**ENTRIES SUPPLIED**
BEGIN

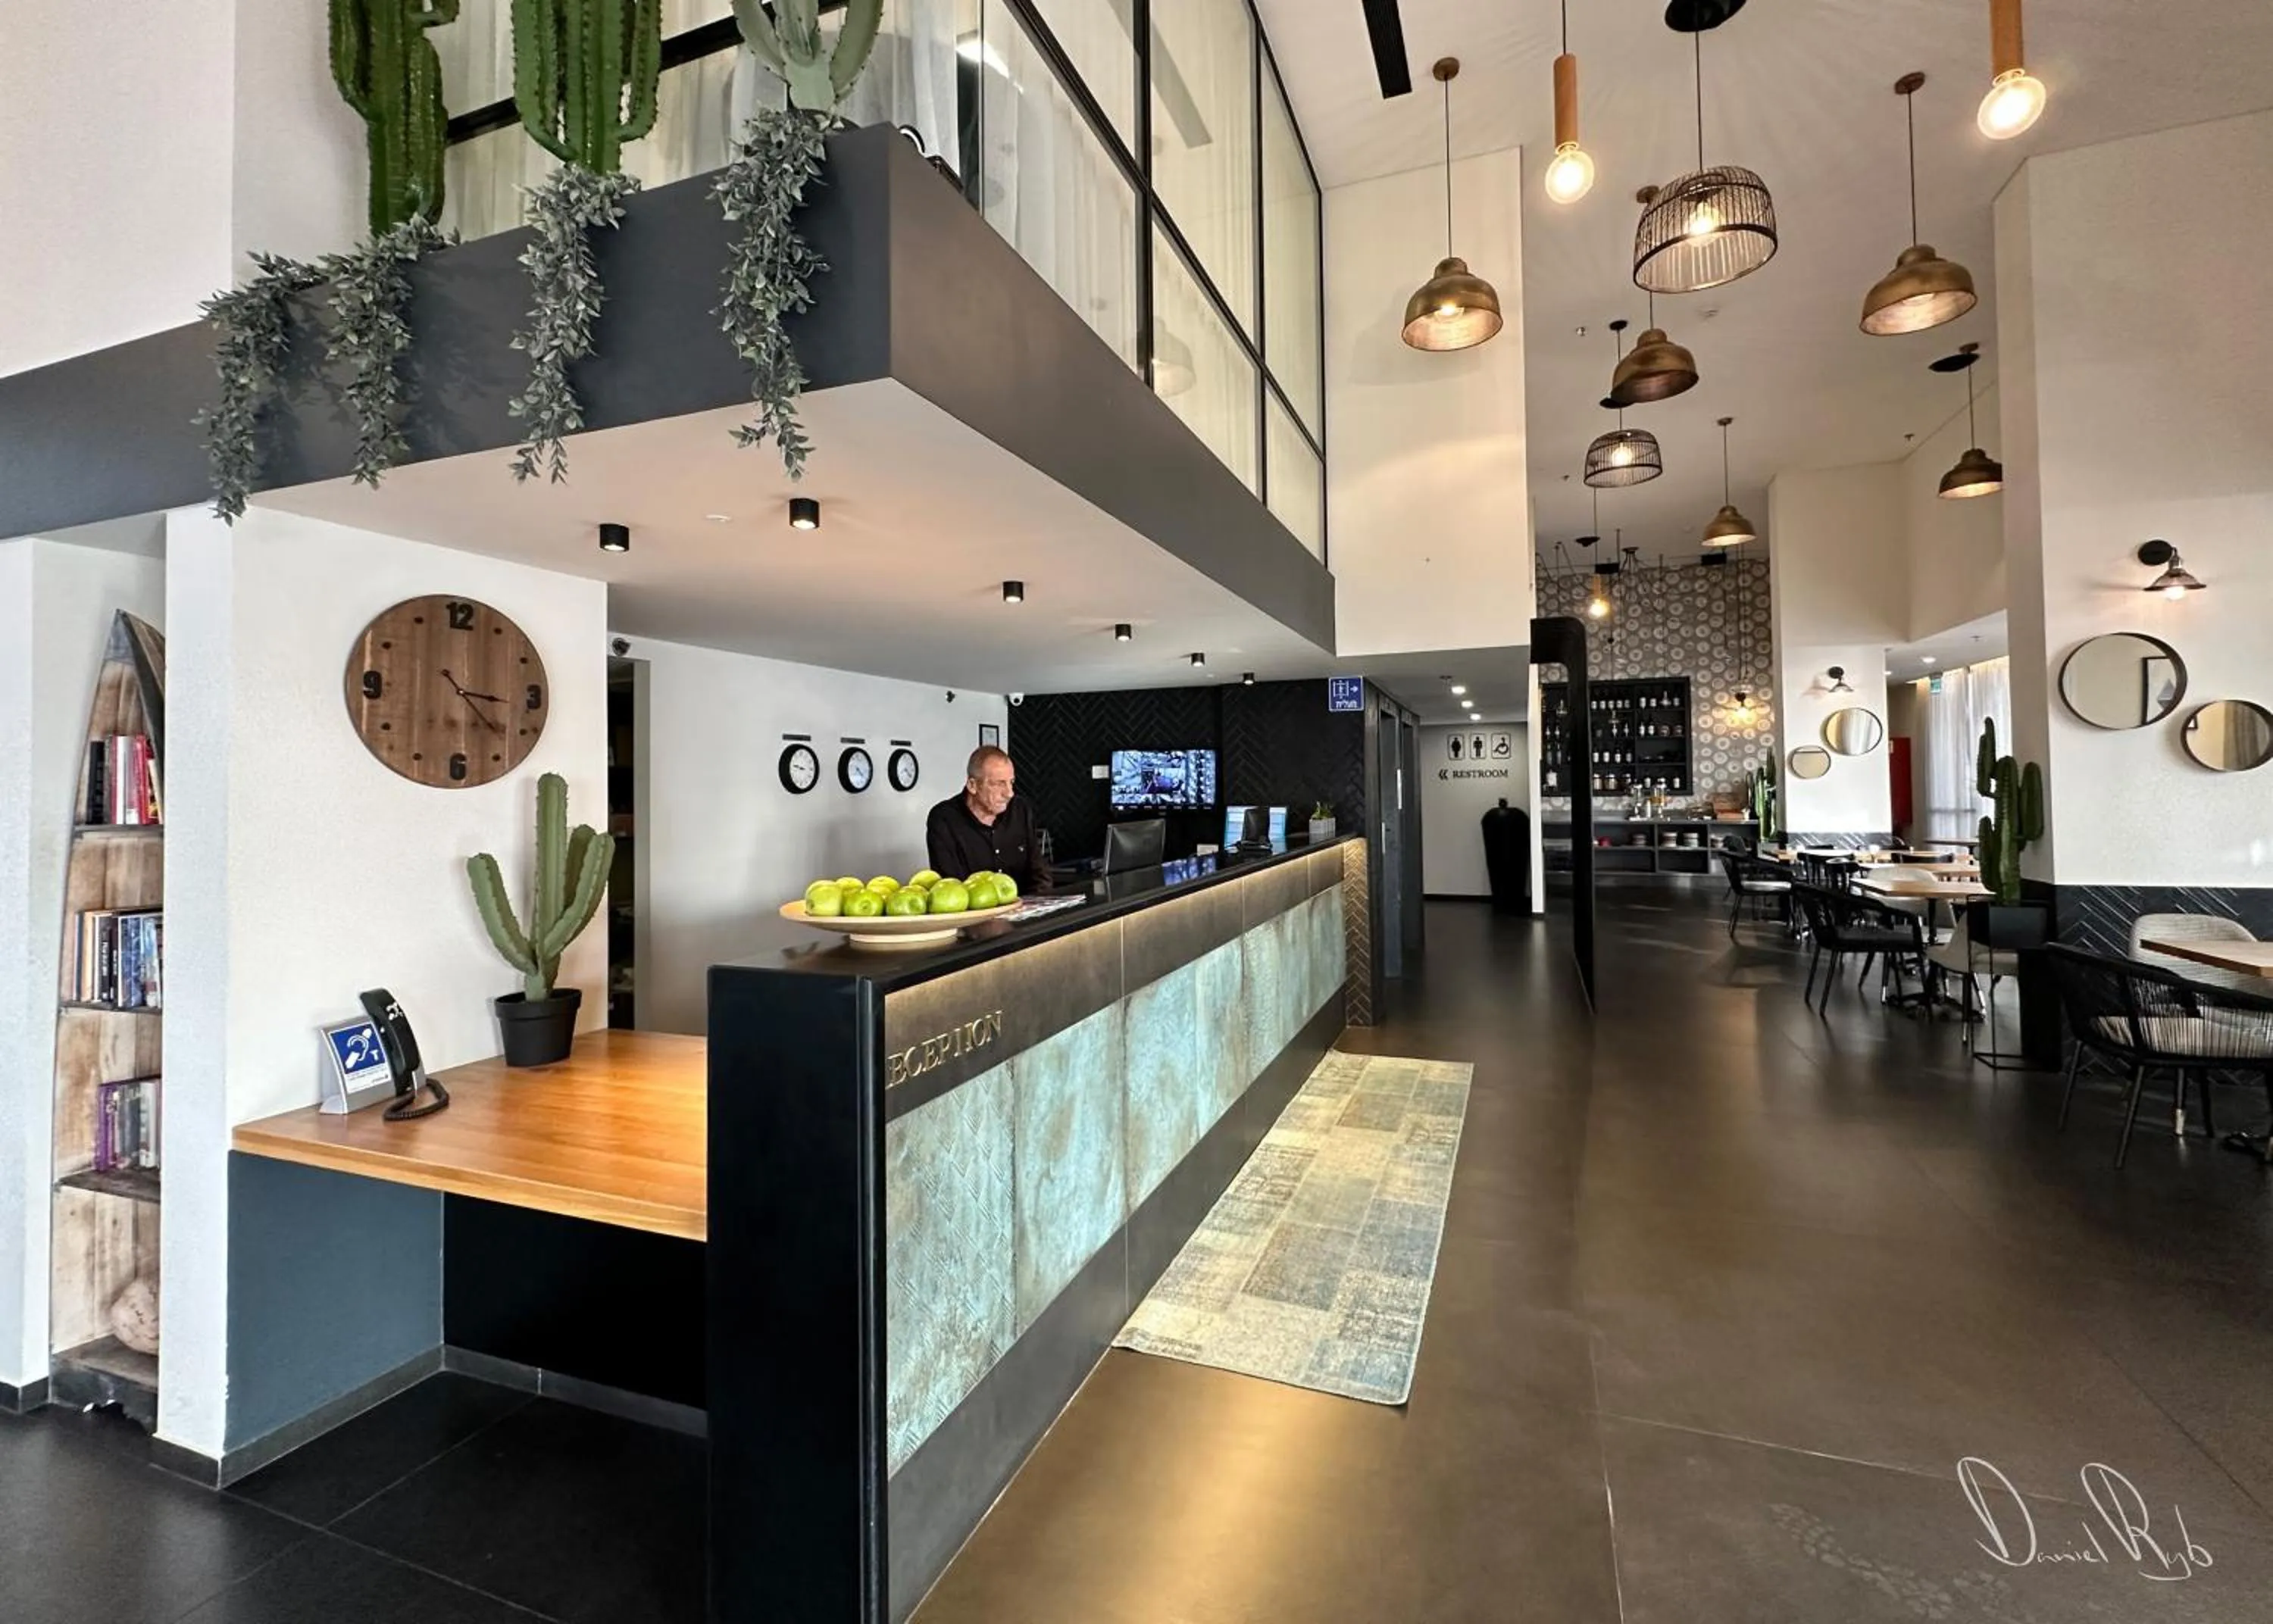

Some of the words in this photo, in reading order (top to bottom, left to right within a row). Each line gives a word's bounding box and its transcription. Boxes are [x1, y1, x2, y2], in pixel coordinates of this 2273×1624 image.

[446, 601, 474, 631] 12
[363, 670, 382, 699] 9
[526, 685, 542, 710] 3
[449, 752, 467, 781] 6
[1452, 769, 1509, 779] RESTROOM
[885, 1010, 1002, 1090] ECEPTION
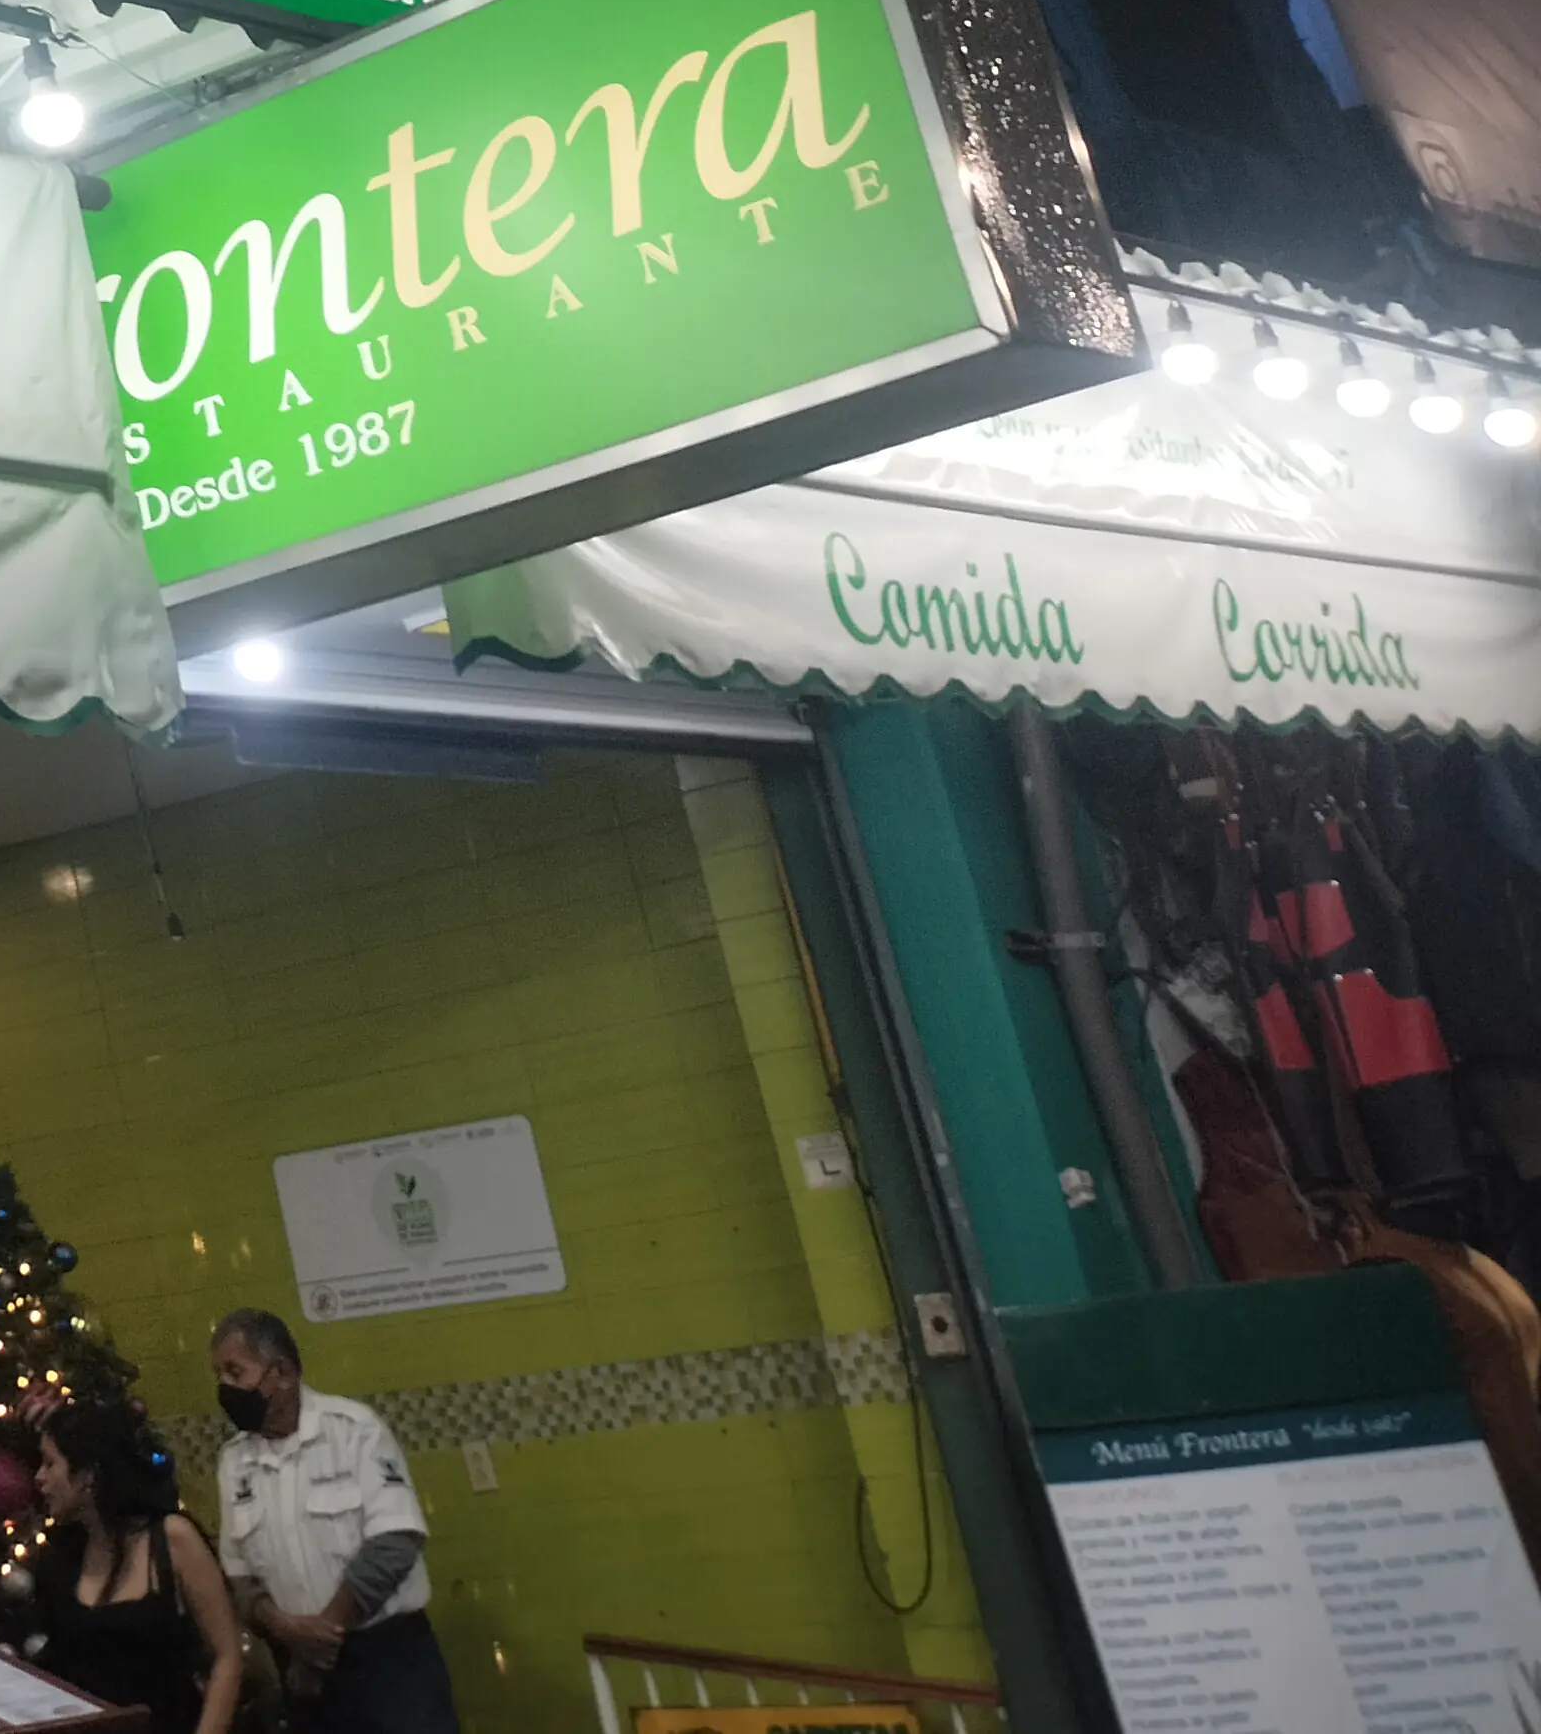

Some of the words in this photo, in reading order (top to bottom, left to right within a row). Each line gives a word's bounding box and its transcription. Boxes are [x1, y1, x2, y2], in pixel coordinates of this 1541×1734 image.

[94, 10, 871, 401] ontera
[134, 456, 277, 530] Desde
[287, 399, 416, 477] 1987
[823, 531, 1085, 666] Comida
[1212, 577, 1421, 690] Corrida
[1173, 1425, 1291, 1458] Frontera
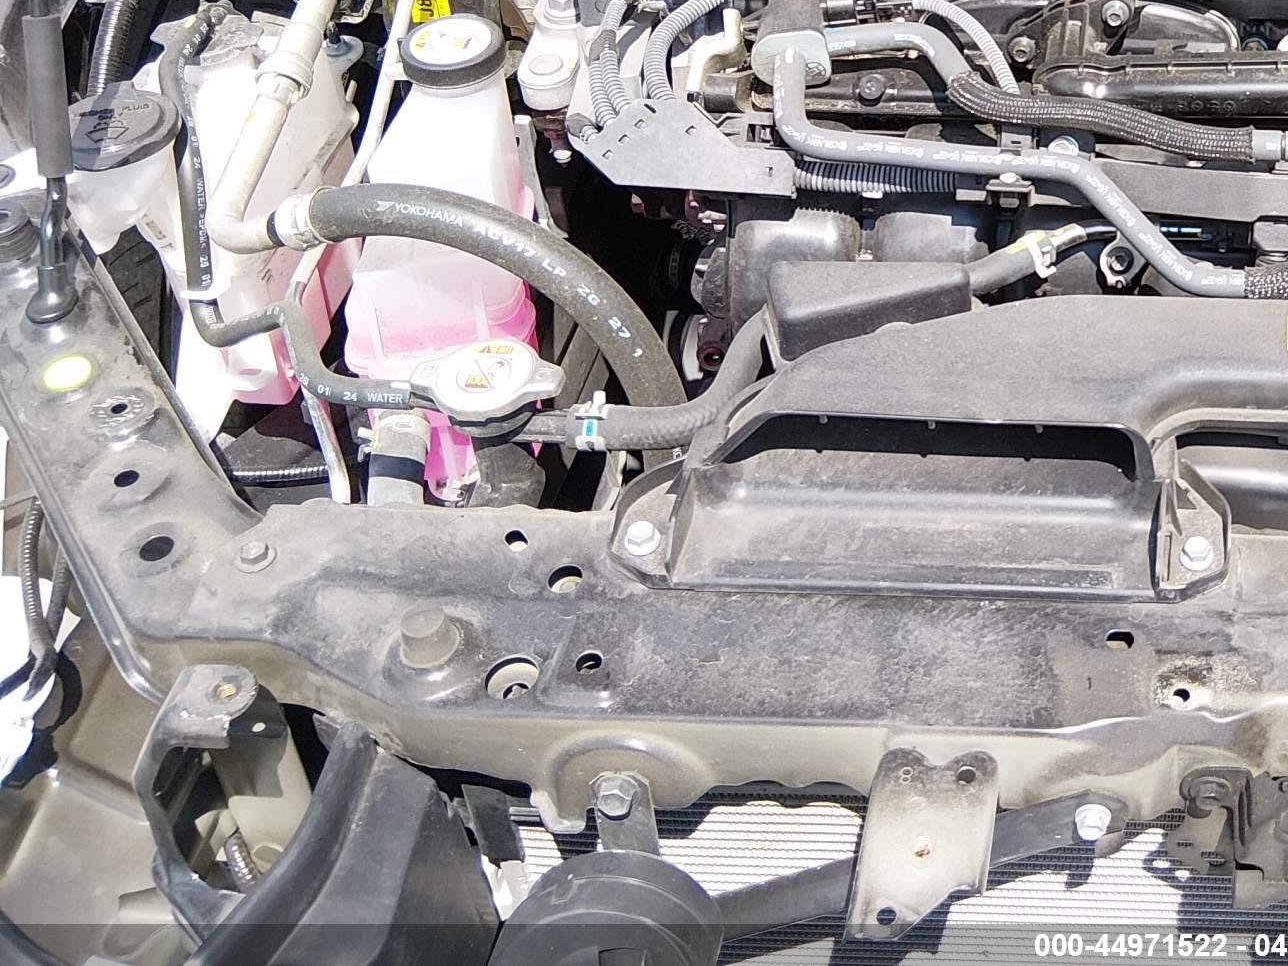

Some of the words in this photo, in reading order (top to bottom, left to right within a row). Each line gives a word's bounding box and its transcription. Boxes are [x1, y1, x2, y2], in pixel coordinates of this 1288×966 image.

END

**PROMPT**
All entries above are to be restated exactly, with every image omitted.

**REPLY**
Some of the words in this photo, in reading order (top to bottom, left to right within a row). Each line gives a word's bounding box and its transcription. Boxes are [x1, y1, x2, y2], in pixel coordinates of this 2273×1624 image.

[446, 601, 474, 631] 12
[363, 670, 382, 699] 9
[526, 685, 542, 710] 3
[449, 752, 467, 781] 6
[1452, 769, 1509, 779] RESTROOM
[885, 1010, 1002, 1090] ECEPTION

Some of the words in this photo, in reading order (top to bottom, left to right within a row). Each line gives a word's bounding box and its transcription. Boxes are [x1, y1, x2, y2], in pixel coordinates of this 1541×1734 image.

[94, 10, 871, 401] ontera
[134, 456, 277, 530] Desde
[287, 399, 416, 477] 1987
[823, 531, 1085, 666] Comida
[1212, 577, 1421, 690] Corrida
[1173, 1425, 1291, 1458] Frontera

Some of the words in this photo, in reading order (top to bottom, left to right within a row). Each line gives a word's bounding box and its transcription. Boxes are [x1, y1, x2, y2], in pixel coordinates of this 1288×966 image.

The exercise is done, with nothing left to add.